## Without context – Is the given language a CFL or not?

Let $$L$$ to be a language defined on $$Sigma = left {a, b right }$$ such as
$$L = left {x #y mid x, y in Sigma ^ *, # text {is a constant and} x neq y right$$
Indicate if the language L is a CFL or not? Give valid reasons for the same thing.

Now, I think that the given language is not a CFL. I've used the lemma pumping test to show that L is not a CFL.
Specifically, I did the following-

Consider a string $$w = abb # aab$$. obviously, $$w in L$$.

Let, $$u = epsilon \ v = a \ w = bb #aa \ x = b \ y = epsilon$$

Right here, $$| vx | geq 1$$

But, $$uv ^ 2wx ^ 2y = aabb #aabb notin L$$
Therefore, the result of the pumping lemma test is negative. Therefore, we can conclude that the given language is not a CFL.
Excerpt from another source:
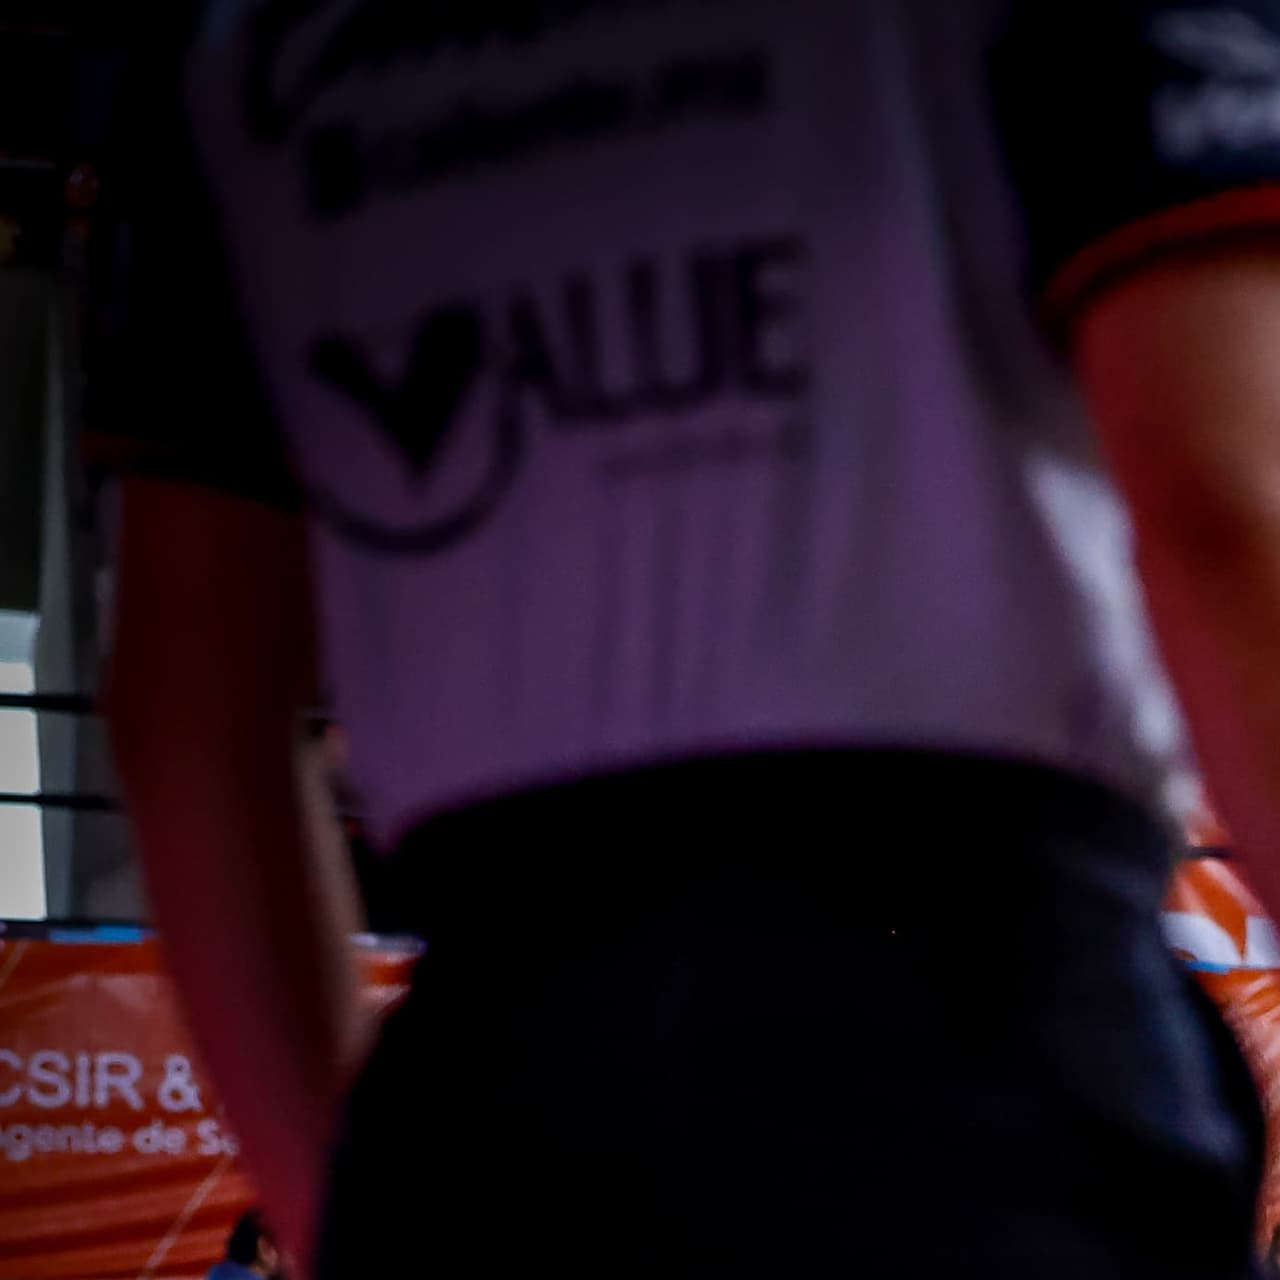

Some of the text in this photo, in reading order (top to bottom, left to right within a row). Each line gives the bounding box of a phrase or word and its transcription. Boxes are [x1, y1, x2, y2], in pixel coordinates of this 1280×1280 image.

Now, I have a doubt about the method above.
I know that in the case of a CFL, if we want to do the pumping lemma test for the CFL, we must always use chains whose length is greater than or equal to the minimum pumping length. In fact, this also confirms the condition that the length of the chain $$w$$ used for the pumping test of the lemma (noted $$| w |$$) must be greater than or equal to n.

Therefore, when I use $$w = abb # aab$$ to perform the pumping lemma test, I implicitly assume that 7 is greater than or equal to the minimum pumping length (if $$L$$ had to be a CFL). Am I correct or incorrect?

## without context – The language \$ {ww | w in {0,1 } ^ {*} } \$ n is not a CFL

We proved that the language $$L = { Omega Omega | omega in {0,1 } ^ {*} }$$ It's not a CFL, and we did it using the pumping lemma. And the proof is clear to me. But I thought about the following CFG:

$$G = ( {S, S_ {1} }, {0,1 }, R, S)$$ where R has the following rules:

$$S rightarrow S_ {1} S_ {1} | epsilon$$

$$S_ {1} rightarrow 0S_ {1} | 1S_ {1} | epsilon$$

It seems that the language of this CFG should be the language $$L$$ that I've defined above since each substitution adds the same letter on both sides. But it can not be so since we can use the pumping lemma on the word $$0 ^ {l} 1 ^ {l} 0 ^ {l} 1 ^ {l}$$ (or $$l$$ is the pumping length). So, either I do not do the substitution incorrectly, or the CFG language contains $$L$$ and has more words than I currently do not see …

Can any one help me and point out where is my mistake?

## Conversion of CFG to CFL [on hold]

Is it possible to convert
(1) Each CFL CFL
(2) Each CFL at CFL

If we take a string where the number of a and the number of b equals the number of c
then we get a CFG that does not have CFL.
So, can CFG at CFL be possible or not?

## CFL and LED mixed

I shoot a video on a green screen. I need to turn on the screen as well as the subject. I have a bunch of 6000K CFL and I want to get some LEDs. If both types have the same temperature, 6000 K, can I mix them in a video or will that be a problem?

## Prove that each CFL is decidable in a space O (n)

This question was raised while a group of students from my school were studying for our qualifying exams. The question on an old exam was:

Prove that each language without context $$A$$ is in $$mathrm {SPACE} (n)$$. You can assume that $$A$$ is given in CNF (normal form of Chomsky)

I've seen the CYK algorithm but its spatial complexity is $$O (n ^ 2)$$.